Poet Charles Olson, in his groundbreaking work of lyric criticism Call Me Ishmael (1947), argues that Melville’s classic novel Moby-Dick; or, The Whale (1851) is a truer and more essential literary document than Walt Whitman’s Leaves of Grass (1855) because “it is all of America, all of her space, the malice, the root.” A work of prophetic imagination that is almost endlessly interpretable, Moby-Dick has been read as political allegory, a Romantic depiction of the “howling infinite,” and a proto-environmentalist screed against the 19th century whaling industry and its savagery. The visual artist Ellen Gallagher (b. 1965) has referred to the novel as a work of Afrofuturism thanks to the character Pip and his fate in the chapter “The Castaway.” We’ll spend a whole term reading Melville’s account of Ahab’s obsessive pursuit of the white whale that maimed him–and Ishmael’s similarly obsessive pursuit of understanding–using a wide range of criticism and commentary to help guide us through the text, including works by C.L.R. James and Toni Morrison. We will also delve into Melville’s other works, from “Bartelby the Scrivener” to Billy Budd. Students will keep a journal of their reading, collaborate on presentations, and undertake a final project involving individual, self-directed research. Communing with the book on actual paper will be required.

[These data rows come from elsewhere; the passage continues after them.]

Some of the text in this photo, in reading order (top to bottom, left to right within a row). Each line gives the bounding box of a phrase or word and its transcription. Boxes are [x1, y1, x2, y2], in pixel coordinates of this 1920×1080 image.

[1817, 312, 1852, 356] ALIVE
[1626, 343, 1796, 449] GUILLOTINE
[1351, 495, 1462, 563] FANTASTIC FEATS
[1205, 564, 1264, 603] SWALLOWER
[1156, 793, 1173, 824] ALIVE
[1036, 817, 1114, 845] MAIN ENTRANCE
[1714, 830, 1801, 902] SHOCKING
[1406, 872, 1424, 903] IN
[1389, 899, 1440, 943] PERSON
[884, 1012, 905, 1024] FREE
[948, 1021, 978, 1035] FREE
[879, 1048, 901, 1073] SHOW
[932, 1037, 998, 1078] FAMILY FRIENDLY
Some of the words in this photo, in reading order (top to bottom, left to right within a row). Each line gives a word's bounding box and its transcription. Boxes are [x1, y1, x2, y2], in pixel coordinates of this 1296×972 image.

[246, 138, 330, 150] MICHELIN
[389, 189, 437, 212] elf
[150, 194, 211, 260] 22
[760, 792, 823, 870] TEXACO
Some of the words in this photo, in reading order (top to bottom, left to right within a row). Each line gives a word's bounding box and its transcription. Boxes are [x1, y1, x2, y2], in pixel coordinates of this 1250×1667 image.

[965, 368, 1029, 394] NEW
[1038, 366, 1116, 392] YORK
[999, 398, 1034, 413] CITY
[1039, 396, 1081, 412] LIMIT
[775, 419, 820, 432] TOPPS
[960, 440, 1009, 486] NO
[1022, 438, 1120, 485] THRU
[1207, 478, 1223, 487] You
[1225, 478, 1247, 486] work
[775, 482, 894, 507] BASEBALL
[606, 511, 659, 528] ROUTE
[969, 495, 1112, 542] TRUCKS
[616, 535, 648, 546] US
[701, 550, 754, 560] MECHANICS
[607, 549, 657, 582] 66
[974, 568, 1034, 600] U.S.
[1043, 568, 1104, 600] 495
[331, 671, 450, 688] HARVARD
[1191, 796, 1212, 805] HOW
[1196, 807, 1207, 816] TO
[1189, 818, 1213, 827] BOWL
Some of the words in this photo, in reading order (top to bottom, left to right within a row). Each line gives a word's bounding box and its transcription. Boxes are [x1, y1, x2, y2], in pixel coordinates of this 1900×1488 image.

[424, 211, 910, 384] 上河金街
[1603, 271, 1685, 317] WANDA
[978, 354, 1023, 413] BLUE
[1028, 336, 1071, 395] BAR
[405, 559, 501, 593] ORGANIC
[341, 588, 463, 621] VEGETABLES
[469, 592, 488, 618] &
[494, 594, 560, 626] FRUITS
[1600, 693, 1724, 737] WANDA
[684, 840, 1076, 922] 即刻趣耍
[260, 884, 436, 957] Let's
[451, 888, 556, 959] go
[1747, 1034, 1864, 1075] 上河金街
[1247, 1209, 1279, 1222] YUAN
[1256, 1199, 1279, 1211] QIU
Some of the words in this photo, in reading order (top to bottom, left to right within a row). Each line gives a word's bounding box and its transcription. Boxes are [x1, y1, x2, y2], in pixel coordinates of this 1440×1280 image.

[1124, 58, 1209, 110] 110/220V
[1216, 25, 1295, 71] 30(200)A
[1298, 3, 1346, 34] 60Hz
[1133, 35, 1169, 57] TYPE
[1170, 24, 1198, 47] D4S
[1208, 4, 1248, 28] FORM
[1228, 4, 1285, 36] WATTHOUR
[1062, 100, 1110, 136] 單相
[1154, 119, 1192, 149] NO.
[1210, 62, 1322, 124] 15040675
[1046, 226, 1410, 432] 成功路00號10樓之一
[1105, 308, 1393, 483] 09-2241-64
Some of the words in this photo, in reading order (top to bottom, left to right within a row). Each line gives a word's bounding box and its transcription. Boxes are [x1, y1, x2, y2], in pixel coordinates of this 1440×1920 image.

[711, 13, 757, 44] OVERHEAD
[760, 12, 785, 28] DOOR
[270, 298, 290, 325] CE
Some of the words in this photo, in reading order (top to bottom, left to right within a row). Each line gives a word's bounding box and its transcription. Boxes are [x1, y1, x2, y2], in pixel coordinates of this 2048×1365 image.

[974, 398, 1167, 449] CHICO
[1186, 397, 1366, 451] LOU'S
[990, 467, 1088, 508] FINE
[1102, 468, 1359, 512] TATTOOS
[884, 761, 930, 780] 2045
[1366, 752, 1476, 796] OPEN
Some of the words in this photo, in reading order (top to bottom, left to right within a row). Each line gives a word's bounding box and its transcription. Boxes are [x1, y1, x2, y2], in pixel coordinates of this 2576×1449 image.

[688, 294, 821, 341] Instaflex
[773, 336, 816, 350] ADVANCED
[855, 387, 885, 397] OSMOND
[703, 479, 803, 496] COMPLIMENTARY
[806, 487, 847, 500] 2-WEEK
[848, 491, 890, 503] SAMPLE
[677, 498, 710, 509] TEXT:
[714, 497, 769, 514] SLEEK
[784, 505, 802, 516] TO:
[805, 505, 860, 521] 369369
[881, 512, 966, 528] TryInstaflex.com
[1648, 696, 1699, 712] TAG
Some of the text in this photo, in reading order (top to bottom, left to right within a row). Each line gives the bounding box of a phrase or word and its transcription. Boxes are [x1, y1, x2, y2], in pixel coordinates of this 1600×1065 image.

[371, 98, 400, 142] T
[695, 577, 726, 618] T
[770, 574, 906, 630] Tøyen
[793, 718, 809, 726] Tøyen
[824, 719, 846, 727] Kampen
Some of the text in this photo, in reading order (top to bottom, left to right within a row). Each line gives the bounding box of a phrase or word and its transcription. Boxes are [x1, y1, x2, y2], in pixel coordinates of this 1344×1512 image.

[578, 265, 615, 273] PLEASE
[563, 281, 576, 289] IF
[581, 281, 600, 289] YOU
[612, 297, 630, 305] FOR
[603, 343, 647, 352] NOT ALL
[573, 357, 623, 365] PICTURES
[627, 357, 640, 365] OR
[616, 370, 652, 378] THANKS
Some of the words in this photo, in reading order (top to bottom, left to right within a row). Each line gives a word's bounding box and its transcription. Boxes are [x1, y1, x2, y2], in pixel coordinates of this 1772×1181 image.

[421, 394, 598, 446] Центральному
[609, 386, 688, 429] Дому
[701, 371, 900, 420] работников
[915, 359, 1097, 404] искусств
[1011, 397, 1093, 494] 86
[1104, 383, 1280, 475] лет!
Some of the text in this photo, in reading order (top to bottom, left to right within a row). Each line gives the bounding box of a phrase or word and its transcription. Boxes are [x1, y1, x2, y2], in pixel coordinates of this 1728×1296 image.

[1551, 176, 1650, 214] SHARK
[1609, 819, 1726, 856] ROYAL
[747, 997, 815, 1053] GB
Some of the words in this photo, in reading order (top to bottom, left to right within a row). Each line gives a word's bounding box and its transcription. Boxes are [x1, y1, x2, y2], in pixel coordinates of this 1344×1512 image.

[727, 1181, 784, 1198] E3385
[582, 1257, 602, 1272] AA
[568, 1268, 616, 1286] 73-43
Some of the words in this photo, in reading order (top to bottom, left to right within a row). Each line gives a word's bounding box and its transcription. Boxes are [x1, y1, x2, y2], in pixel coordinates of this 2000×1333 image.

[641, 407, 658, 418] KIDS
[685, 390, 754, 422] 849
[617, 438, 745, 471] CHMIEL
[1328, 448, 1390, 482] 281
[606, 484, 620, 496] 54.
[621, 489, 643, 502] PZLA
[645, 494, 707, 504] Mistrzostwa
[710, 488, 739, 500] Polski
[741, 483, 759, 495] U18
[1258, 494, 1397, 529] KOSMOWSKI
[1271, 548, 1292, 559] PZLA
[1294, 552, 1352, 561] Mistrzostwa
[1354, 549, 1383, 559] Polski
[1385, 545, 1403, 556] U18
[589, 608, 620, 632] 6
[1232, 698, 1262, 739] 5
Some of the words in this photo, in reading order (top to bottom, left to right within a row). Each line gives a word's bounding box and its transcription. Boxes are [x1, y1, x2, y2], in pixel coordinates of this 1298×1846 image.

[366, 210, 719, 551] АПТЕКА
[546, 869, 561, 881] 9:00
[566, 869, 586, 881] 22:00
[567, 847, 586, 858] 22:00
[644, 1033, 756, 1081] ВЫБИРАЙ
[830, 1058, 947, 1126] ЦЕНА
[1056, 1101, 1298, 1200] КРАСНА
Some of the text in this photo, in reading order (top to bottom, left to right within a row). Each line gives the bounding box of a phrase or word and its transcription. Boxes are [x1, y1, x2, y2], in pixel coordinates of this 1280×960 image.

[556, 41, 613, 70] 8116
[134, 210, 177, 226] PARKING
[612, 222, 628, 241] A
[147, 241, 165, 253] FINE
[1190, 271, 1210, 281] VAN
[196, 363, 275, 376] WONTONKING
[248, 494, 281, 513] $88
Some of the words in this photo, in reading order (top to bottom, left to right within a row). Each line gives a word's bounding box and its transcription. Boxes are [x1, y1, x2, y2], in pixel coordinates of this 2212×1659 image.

updated course description as of 12/15/2021


Learning Outcomes:
Students in this course will develop their own capacities to do the following:
--Perform close readings of both primary and scholarly texts and subject them to a sophisticated analysis.
-- Write clearly and persuasively about the texts they encounter and the ideas that animate them.
--Develop and communicate their own ideas as literary citizens in class discussion, in both critical and creative writing assignments, and in oral presentations.
--Conduct independent and collaborative research projects using library materials, online databases, and other sources.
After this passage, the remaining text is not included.